Problem to work on: Beginning with the first entry, restate the data word for word and leave out the images.

Material shown:
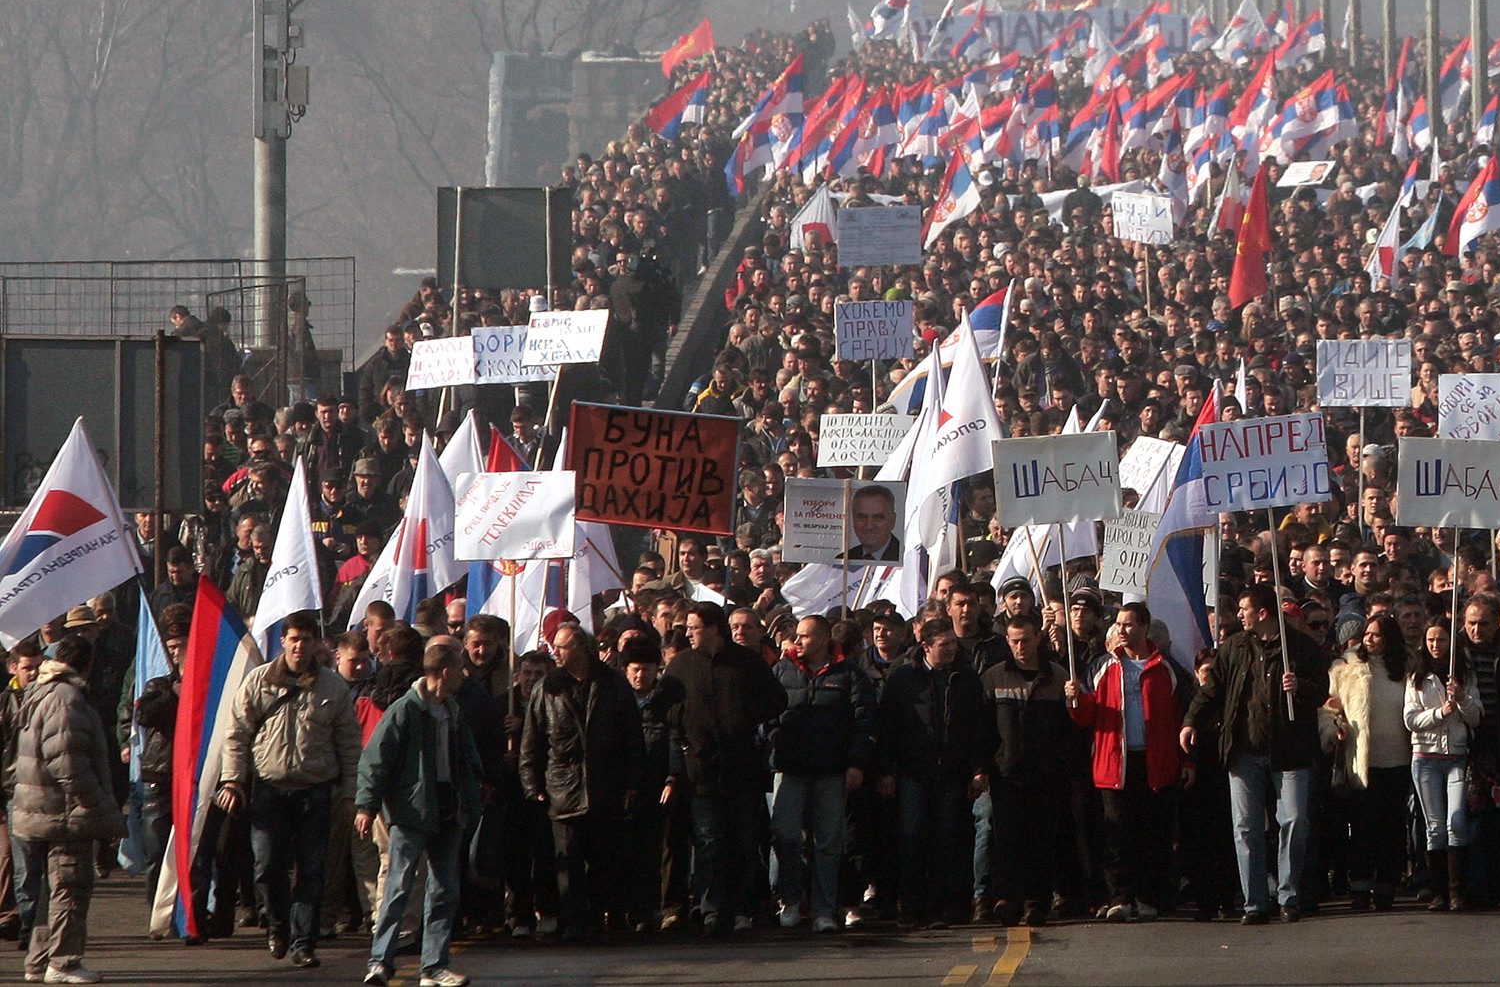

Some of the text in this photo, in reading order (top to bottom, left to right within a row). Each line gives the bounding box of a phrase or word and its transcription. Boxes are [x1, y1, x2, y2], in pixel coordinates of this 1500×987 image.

[839, 302, 906, 320] ХОЋЕМО
[844, 319, 899, 338] ПРАВУ
[839, 338, 909, 360] СРБИЈУ
[1324, 342, 1409, 369] ИДИТЕ
[1333, 373, 1404, 400] ВИШЕ
[604, 409, 703, 453] БУНА
[1200, 417, 1326, 464] НАПРЕД
[583, 448, 725, 495] ПРОТИВ
[827, 451, 877, 463] ДОСТА
[1012, 460, 1115, 499] ШАБАЦ
[1204, 462, 1331, 507] СРБИЈО
[578, 482, 712, 528] ДАХИЈА
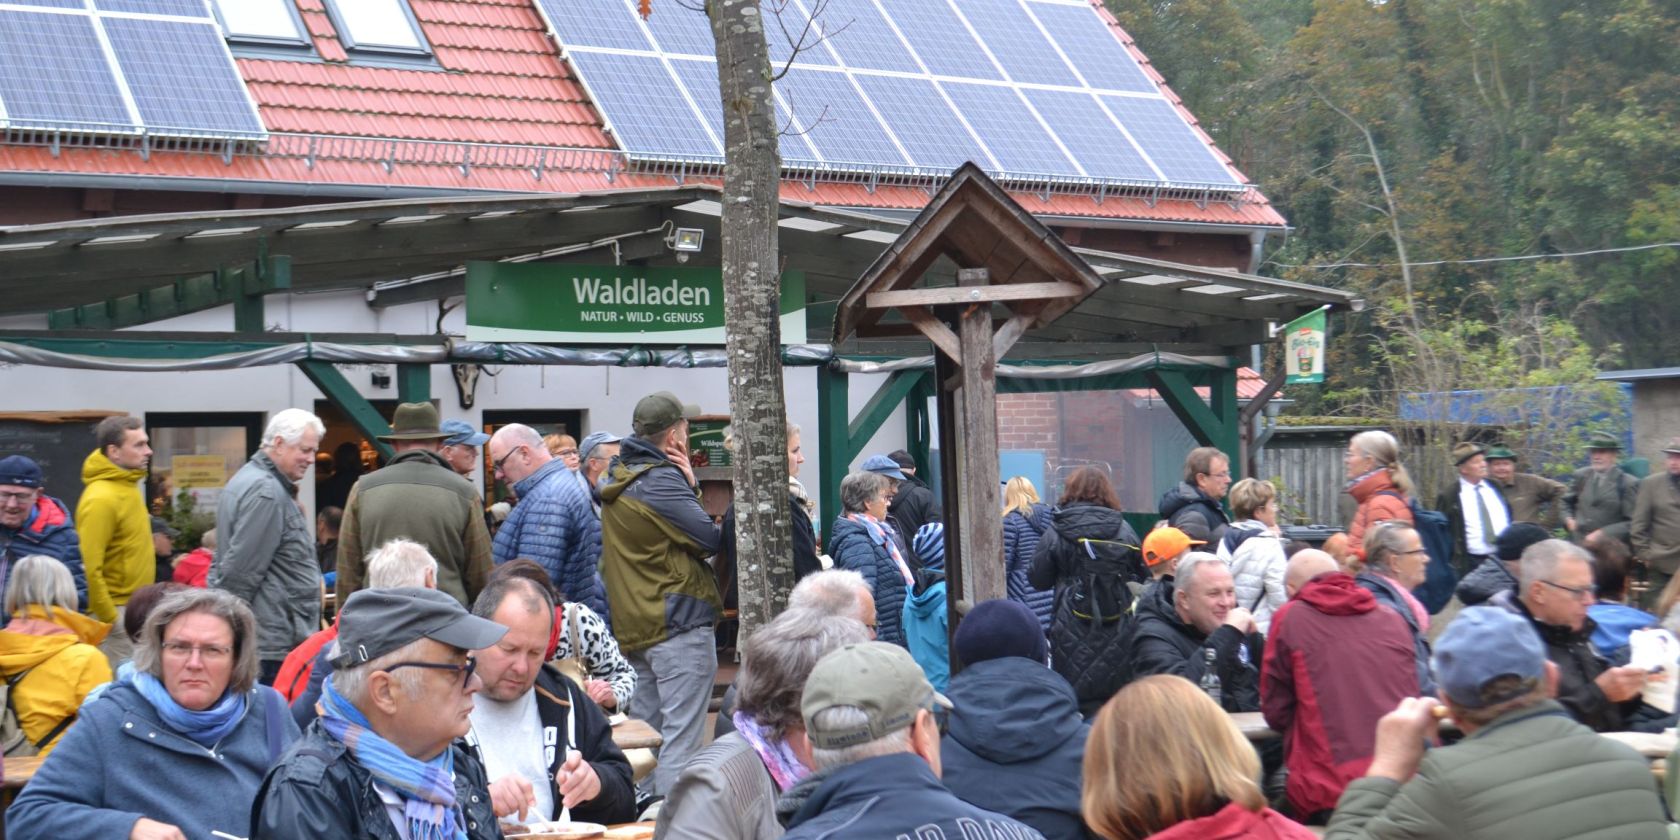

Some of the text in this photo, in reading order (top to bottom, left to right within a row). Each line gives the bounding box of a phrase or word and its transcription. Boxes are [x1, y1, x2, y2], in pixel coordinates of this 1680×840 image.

[572, 277, 711, 306] Waldladen
[580, 311, 705, 323] NATUR WILD GENUSS
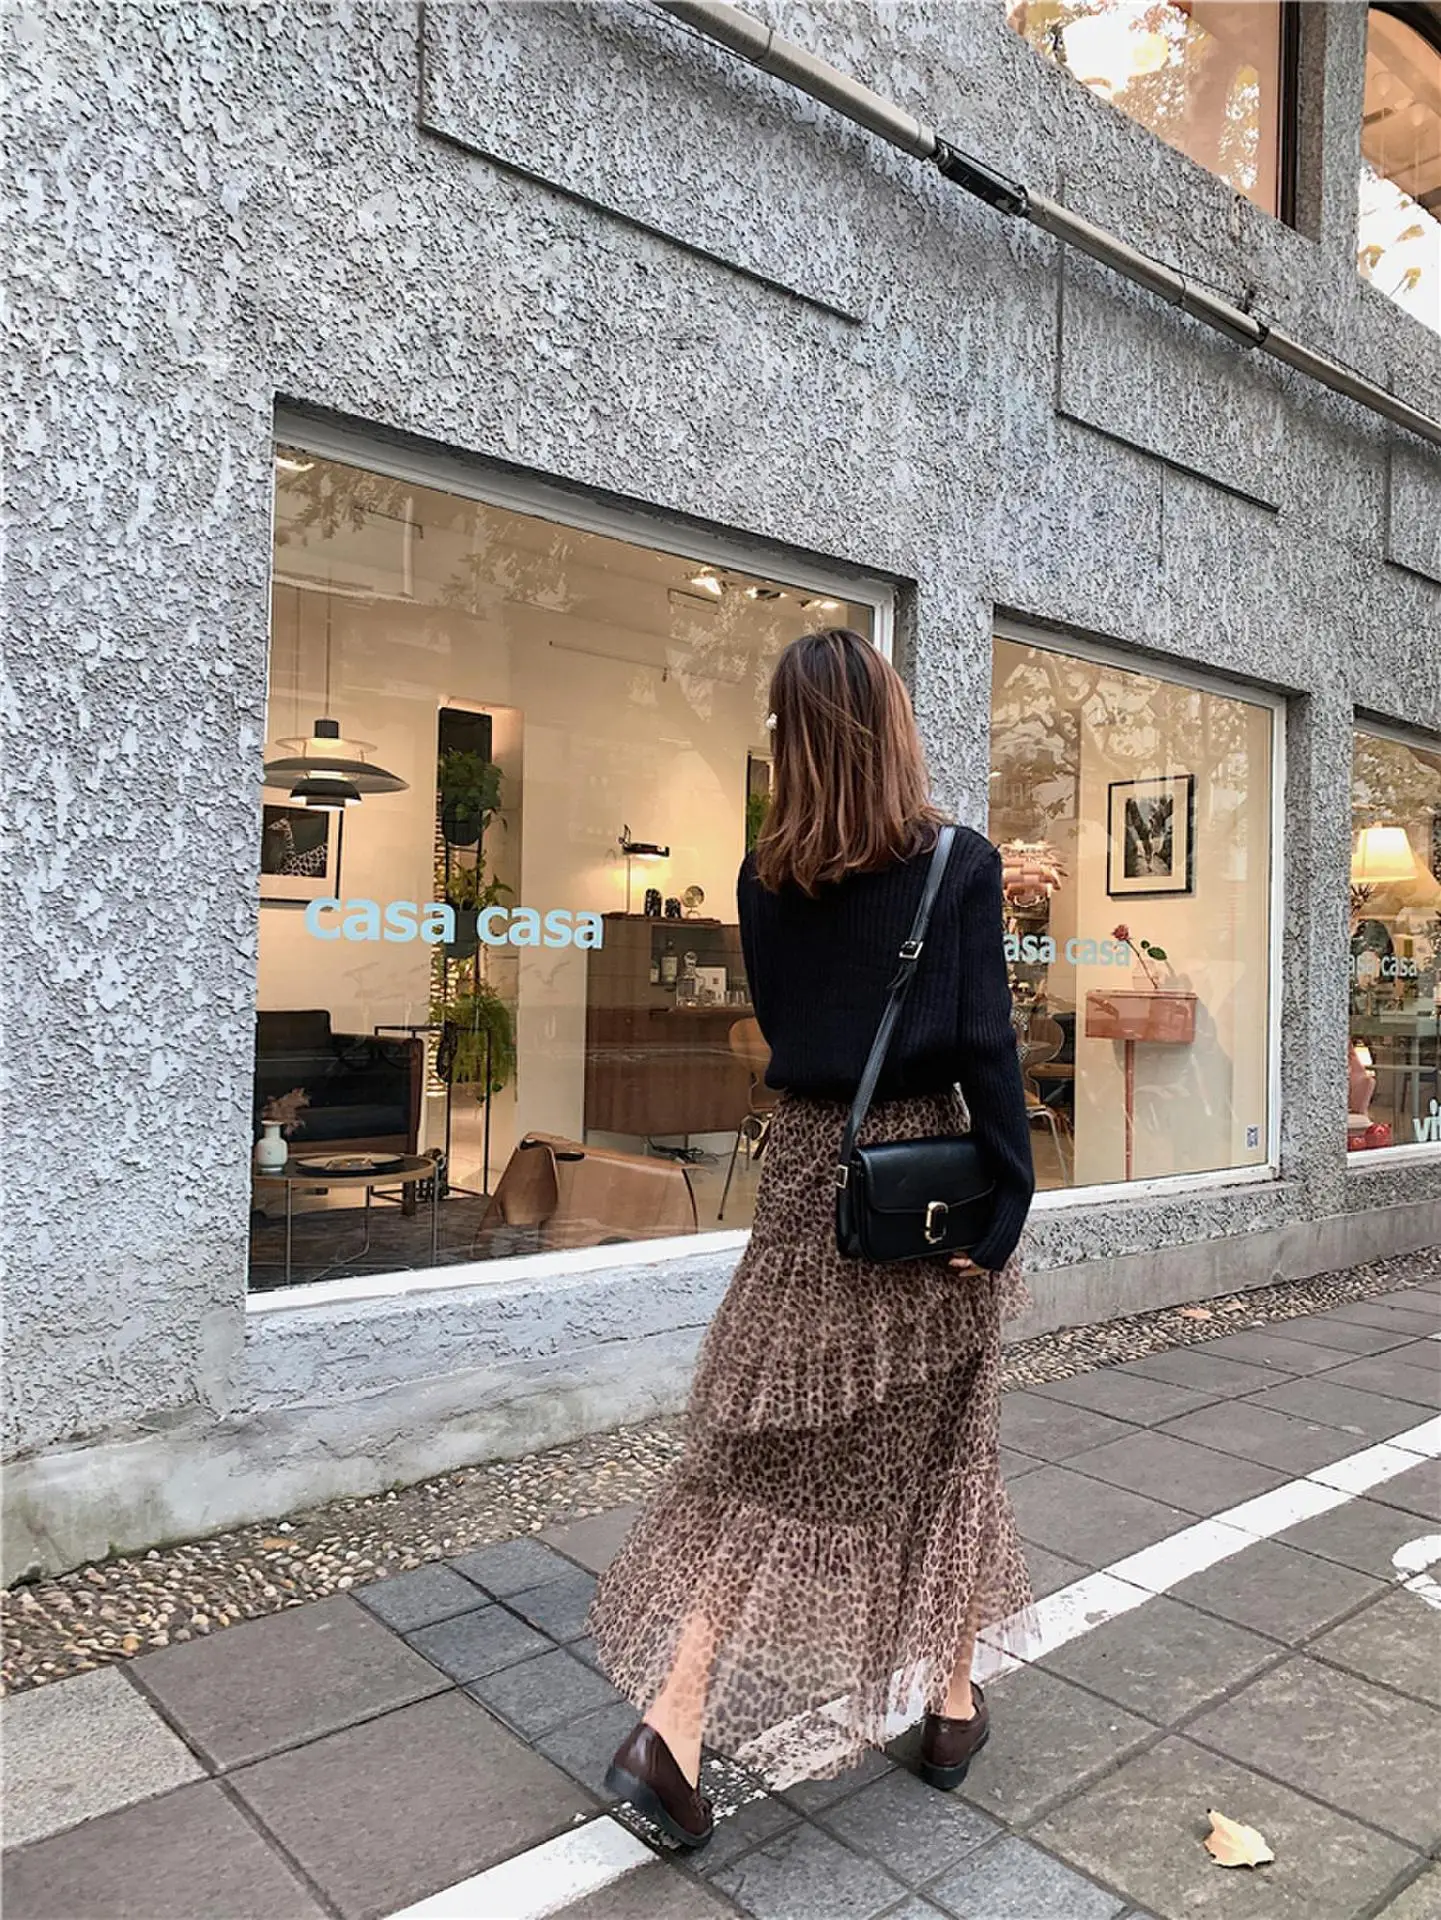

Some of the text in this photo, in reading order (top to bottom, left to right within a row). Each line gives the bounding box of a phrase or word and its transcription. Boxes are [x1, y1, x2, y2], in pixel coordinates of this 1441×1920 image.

[305, 897, 604, 950] casa casa
[1003, 934, 1130, 967] asa casa
[1381, 956, 1417, 977] casa

Written solution:
Some of the text in this photo, in reading order (top to bottom, left to right within a row). Each line gives the bounding box of a phrase or word and its transcription. Boxes are [x1, y1, x2, y2], in pixel coordinates of this 1500×987 image.

[839, 302, 906, 320] ХОЋЕМО
[844, 319, 899, 338] ПРАВУ
[839, 338, 909, 360] СРБИЈУ
[1324, 342, 1409, 369] ИДИТЕ
[1333, 373, 1404, 400] ВИШЕ
[604, 409, 703, 453] БУНА
[1200, 417, 1326, 464] НАПРЕД
[583, 448, 725, 495] ПРОТИВ
[827, 451, 877, 463] ДОСТА
[1012, 460, 1115, 499] ШАБАЦ
[1204, 462, 1331, 507] СРБИЈО
[578, 482, 712, 528] ДАХИЈА

Some of the text in this photo, in reading order (top to bottom, left to right within a row). Each line gives the bounding box of a phrase or word and its transcription. Boxes are [x1, y1, x2, y2], in pixel coordinates of this 1680×840 image.

[572, 277, 711, 306] Waldladen
[580, 311, 705, 323] NATUR WILD GENUSS

Some of the text in this photo, in reading order (top to bottom, left to right within a row). Each line gives the bounding box of a phrase or word and its transcription. Boxes are [x1, y1, x2, y2], in pixel coordinates of this 1441×1920 image.

[305, 897, 604, 950] casa casa
[1003, 934, 1130, 967] asa casa
[1381, 956, 1417, 977] casa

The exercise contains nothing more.